Get negative features
I implemented a multi-scale feature extractor which checks 7 different scales
of images. It picks a random set of features from each scale to add to the
negative training samples.
Run detector
There are two possible detectors: the normal SVM and also a feedforward neural
network. I wanted to compare the two methods to see if a non-linear classifier can
improve on the SVM.
Evaluation
SVM classifier
Objective Performance
Objectively the classifier does pretty decently. The precision is relatively
high, but probably not good enough to be a useful face detector in real
applications. What's remarkable is that the highly positive
HOG features create a very convincing outline of a face. Edges that are
not at all face-shaped are given very negative weights. Vertical edges in
particular seem to be very unface-like.
Subjective Performance
Best Matches
Holistically, some of the best matches were the images with a single face. This
makes intuitive sense since the training set were very similar to these images.
Worst Matches
Noisy or busy images had a lot of false-positives. Sharp lines that correspond
to faces can fool the SVM. And unfortunately, despite the
detector working well on single faces it still misses some.
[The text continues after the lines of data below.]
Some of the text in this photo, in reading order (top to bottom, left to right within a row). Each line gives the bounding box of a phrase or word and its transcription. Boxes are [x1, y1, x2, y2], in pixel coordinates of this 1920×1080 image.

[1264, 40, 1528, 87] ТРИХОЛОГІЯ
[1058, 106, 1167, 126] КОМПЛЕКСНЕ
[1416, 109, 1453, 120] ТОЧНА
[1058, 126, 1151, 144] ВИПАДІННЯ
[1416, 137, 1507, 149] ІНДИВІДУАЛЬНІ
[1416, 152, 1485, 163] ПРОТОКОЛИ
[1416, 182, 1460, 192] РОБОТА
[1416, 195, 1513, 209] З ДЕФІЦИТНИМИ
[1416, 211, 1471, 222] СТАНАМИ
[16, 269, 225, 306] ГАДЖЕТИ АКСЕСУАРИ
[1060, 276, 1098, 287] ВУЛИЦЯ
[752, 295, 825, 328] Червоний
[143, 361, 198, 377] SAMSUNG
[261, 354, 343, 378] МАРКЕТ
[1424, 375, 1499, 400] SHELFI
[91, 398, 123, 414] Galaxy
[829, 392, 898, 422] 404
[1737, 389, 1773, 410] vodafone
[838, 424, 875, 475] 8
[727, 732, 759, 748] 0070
The picture of
Aubrey's face has been particularly challenging to find, partly because it is
a large image and requires a large scale detector.
Interesting Matches
The Deep Space 9 image is interesting, because the face detector successfully
matches the alien's face. It is also good at detecting roundly drawn faces, but
not square robots. In the cards picture it found the Queen's faces, but not
the King's. The detector also seems to almost perfectly detect letters as seen
in the Police album, despite being trained on faces.
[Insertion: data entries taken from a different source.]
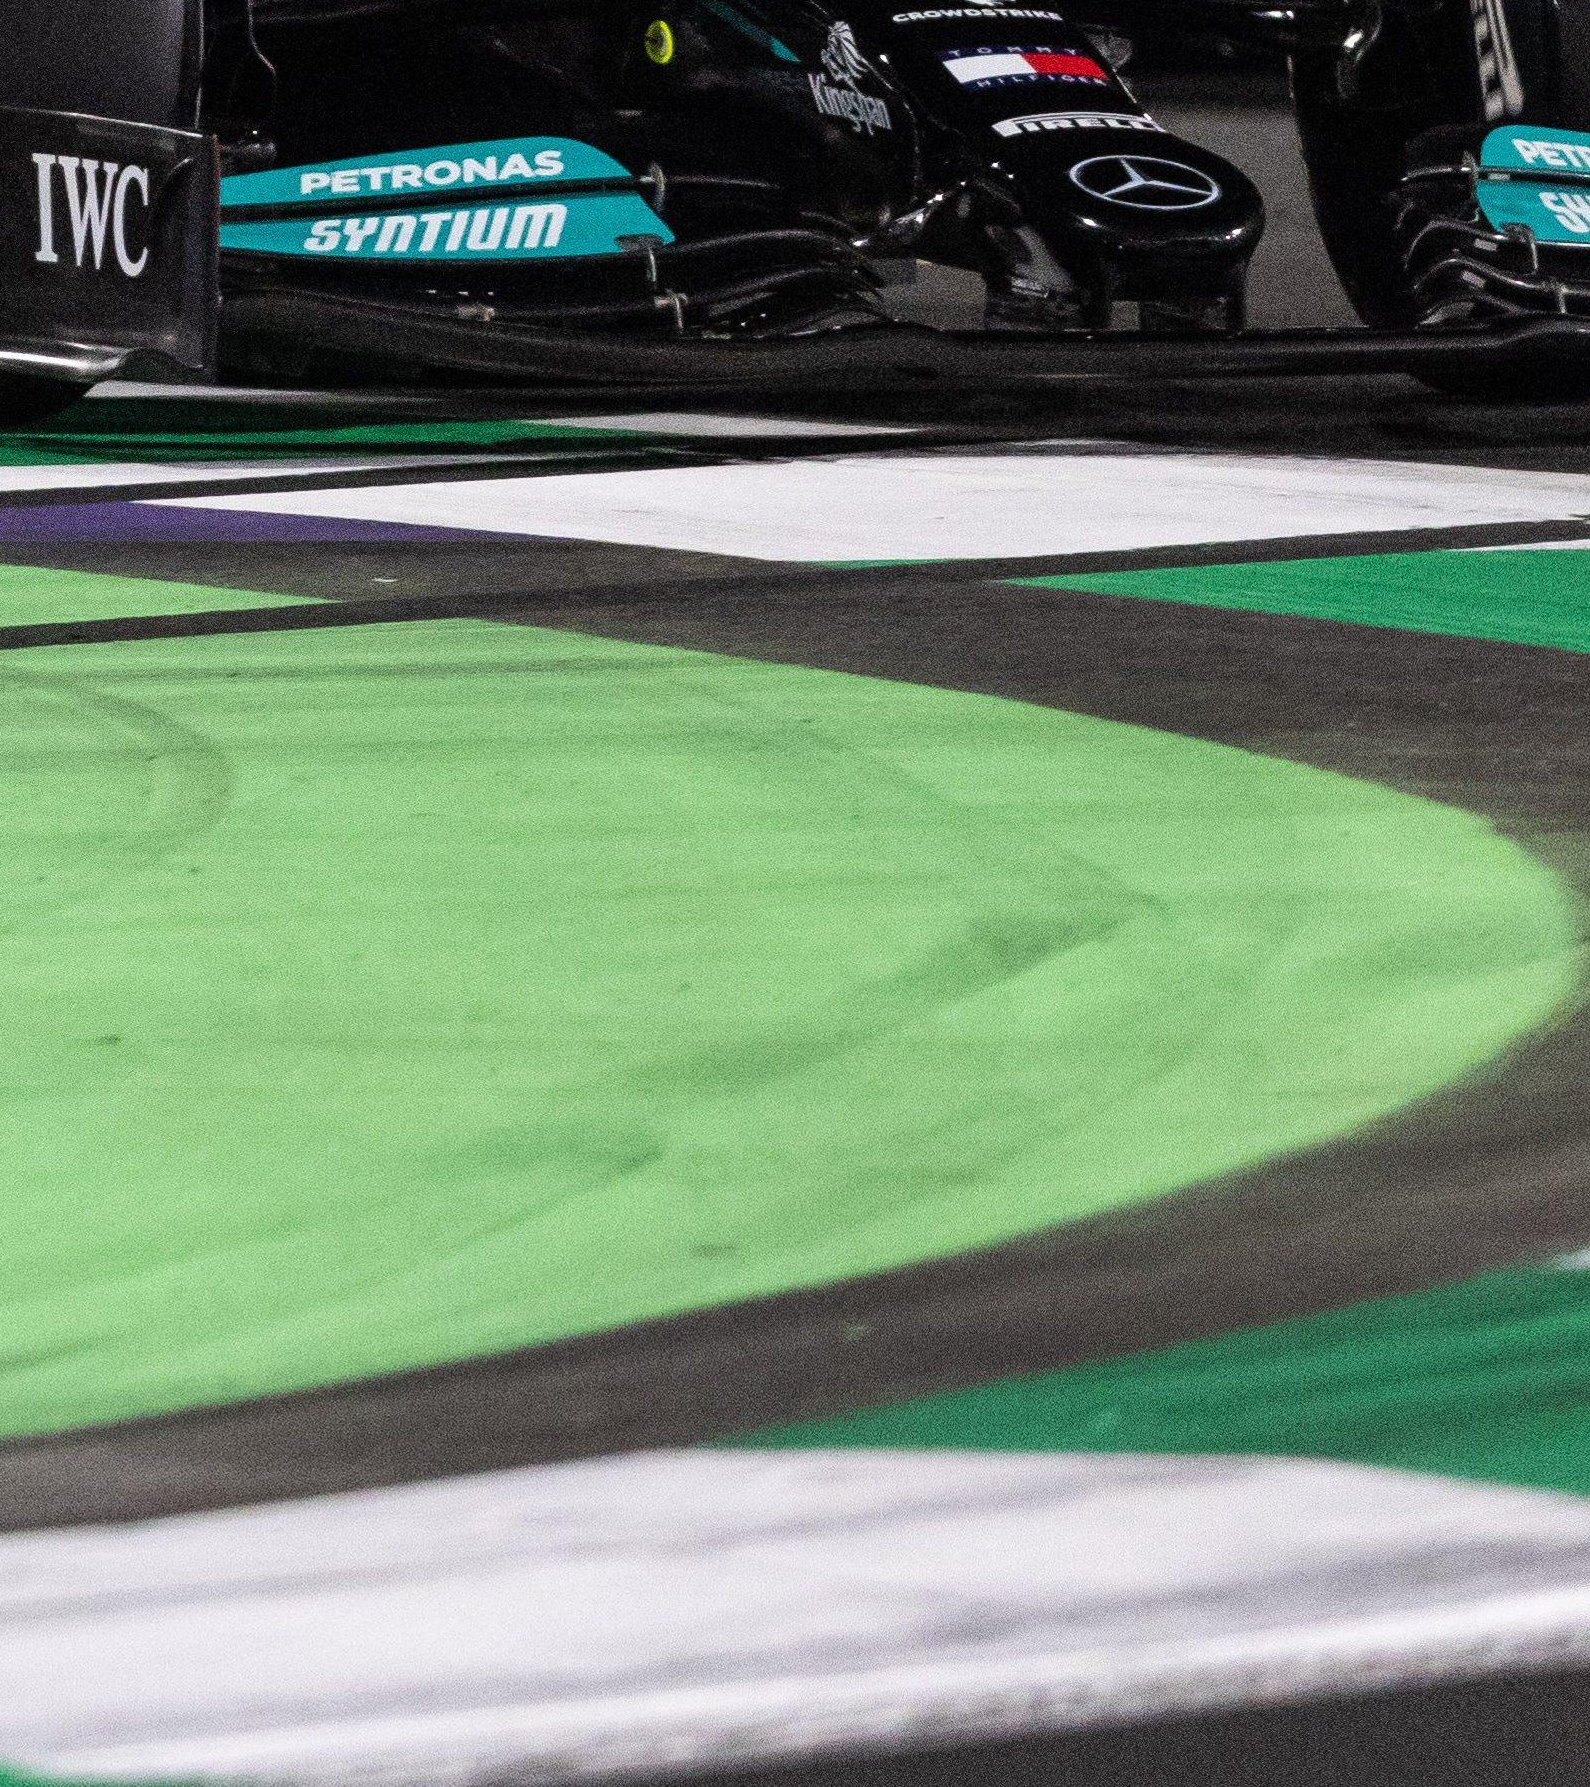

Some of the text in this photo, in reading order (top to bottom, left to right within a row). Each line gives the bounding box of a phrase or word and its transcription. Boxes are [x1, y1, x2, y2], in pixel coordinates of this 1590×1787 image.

[892, 8, 1064, 23] CROWDSTRIKE
[947, 45, 1078, 58] TOMMY
[808, 72, 892, 137] Kingspan
[299, 149, 566, 198] PETRONAS
[32, 150, 151, 277] IWC
[301, 203, 568, 255] SYNTIUM
Increasing the number of negative samples
By tripling the number of negative samples from 10,000 to 30,000 precision
increased slightly:
Without glasses, the HOG features look kind of like a skull with its mouth open.
Decreasing the threshold
By keeping the number of negative training samples the same and decreasing the
threshold from 0.0 to -0.2, the precision goes up even more. This is likely
because some faces are close to the SVM boundary, so they get misclassified
easily.
Neural Networks
To compare the SVM to a nonlinear classifier, I trained a feedforward neural
network with two hidden layers: 100 nodes and 10 nodes respectively.
Objective Performance
Surprisingly the neural network performed worse. I believe this could be due to
insufficient training data. The SVM performs well on small amounts of
data, but a neural network needs more to be effective. The neural network is
also more prone to over-fitting, which could cause lower accuracy on the
testing set.
Subjective Performance
Best Matches
The best matches are still single faces. This is very likely because the testing
data closely resembles the positive training data.
Worst Matches
These matches are particularly bad because of the large number of false positives.
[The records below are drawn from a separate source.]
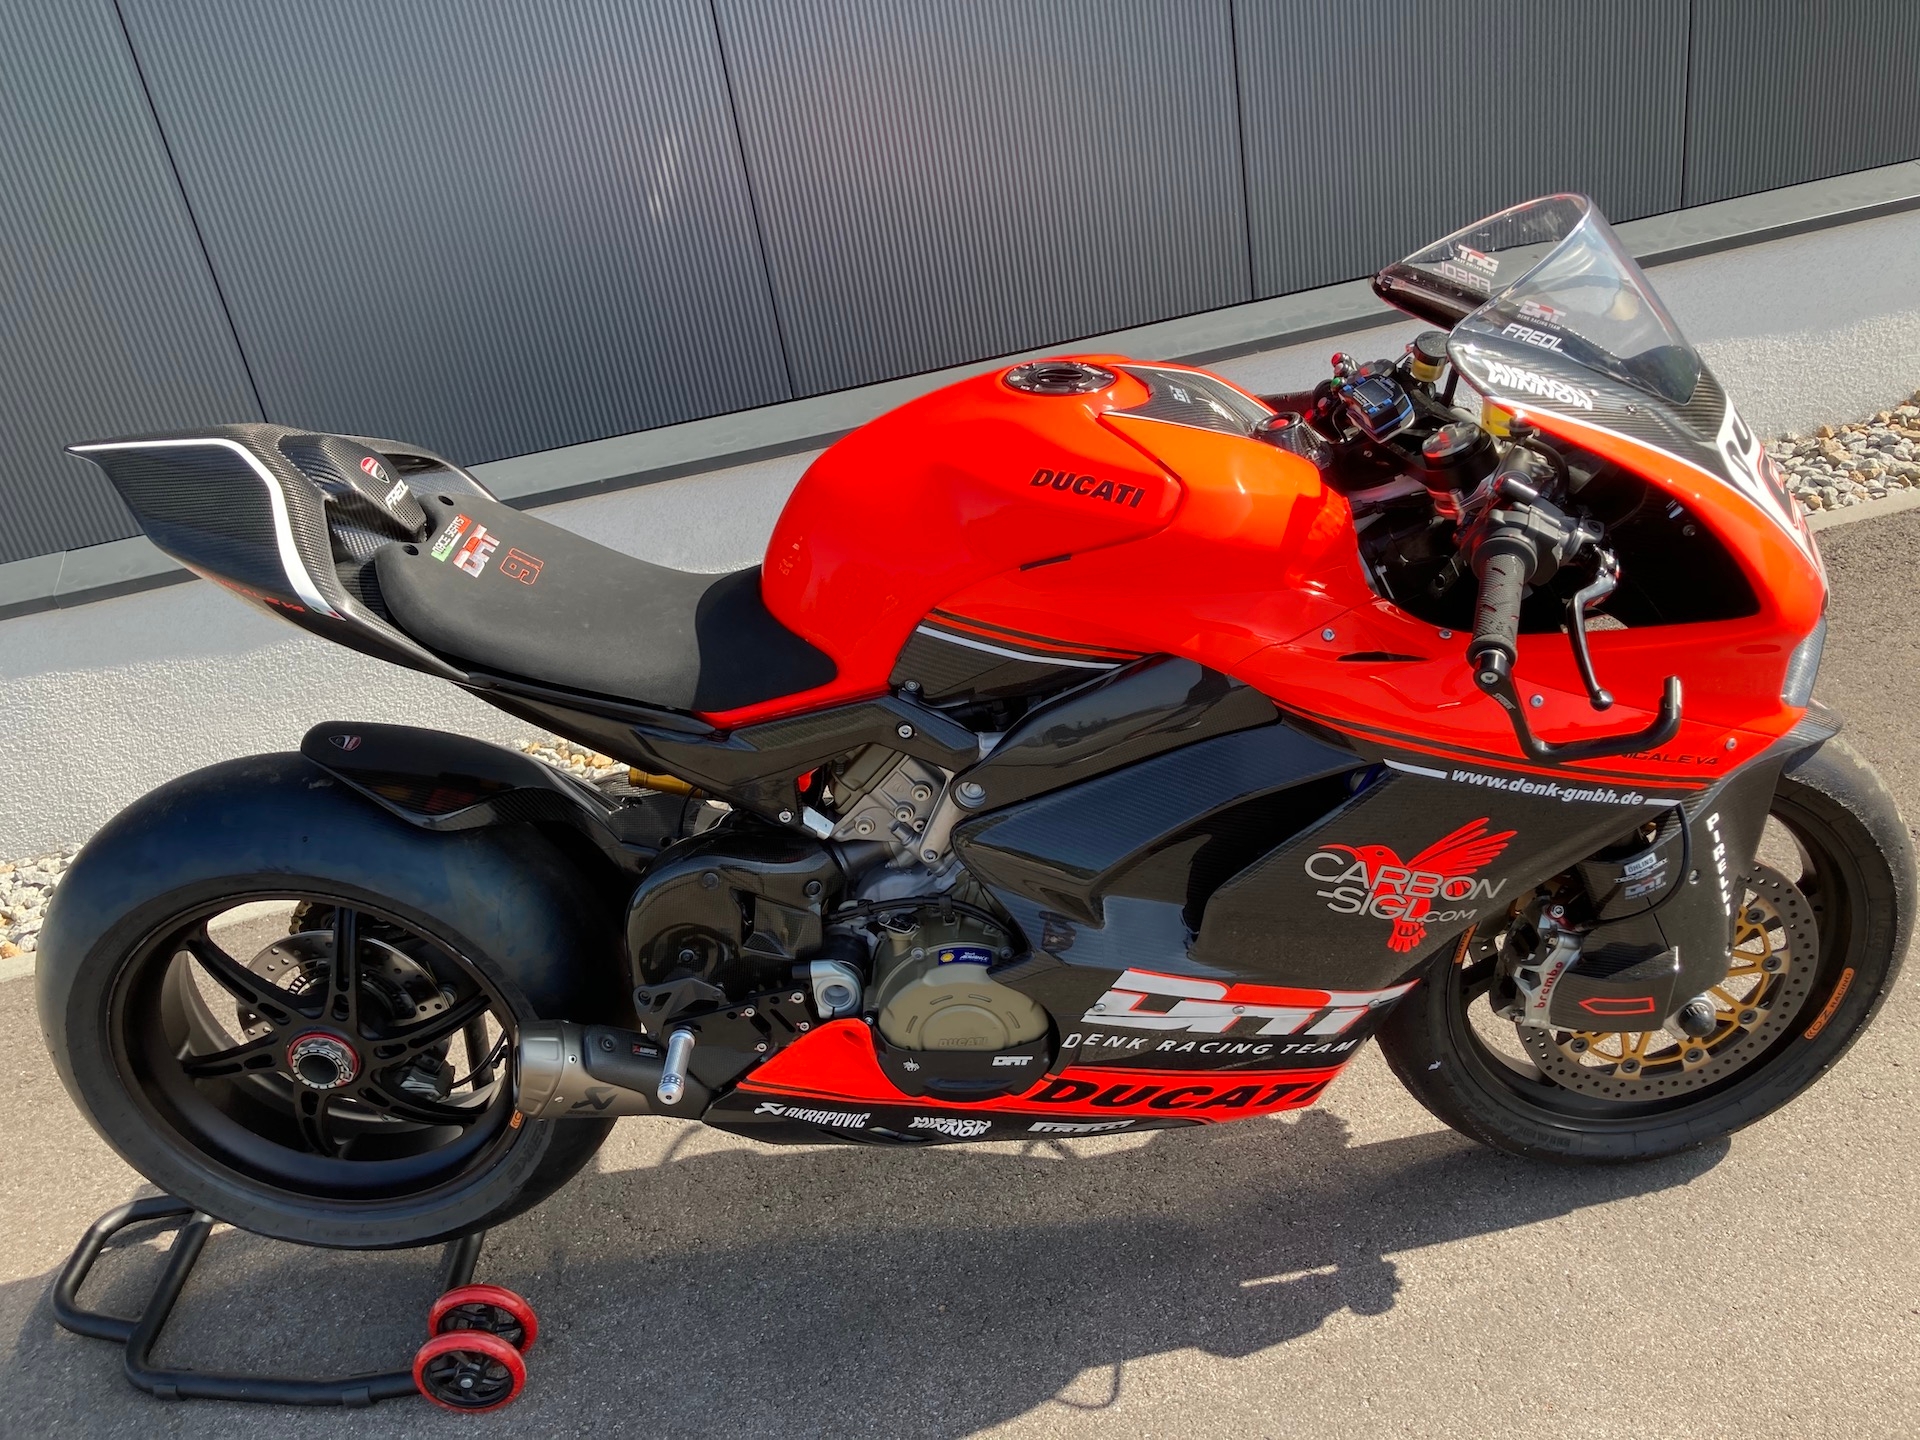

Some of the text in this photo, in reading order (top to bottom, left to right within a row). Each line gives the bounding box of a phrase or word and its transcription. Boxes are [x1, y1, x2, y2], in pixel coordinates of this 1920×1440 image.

[1531, 317, 1549, 328] RACING
[1548, 322, 1561, 331] TEAM
[1028, 467, 1147, 509] DUCATI
[1451, 769, 1644, 806] www.denk-gmbh.de
[1304, 852, 1508, 901] CARBON
[1706, 812, 1731, 917] PIRELLI
[1533, 961, 1564, 1009] brembo
[1830, 972, 1852, 1009] RACING
[937, 1036, 988, 1048] DUCATI
[1061, 1032, 1358, 1056] DENK RACING TEAM
[1029, 1078, 1333, 1110] DUCATI
[908, 1121, 991, 1138] WINNOW
[912, 1116, 992, 1130] MISSION
Once again the Audrey Hepburn photo gets unrecognized. The number of scales I
have are not big enough to capture it. You can see in some of the pictures it
is identifying totally empty space as a face.
Interesting Matches
Interestingly, the neural network gets all of the faces in the cards... but also
a lot of non-faces. It also recognizes drawn images and in the "DOORS" text it
finds almost perfectly all of the letters in the text.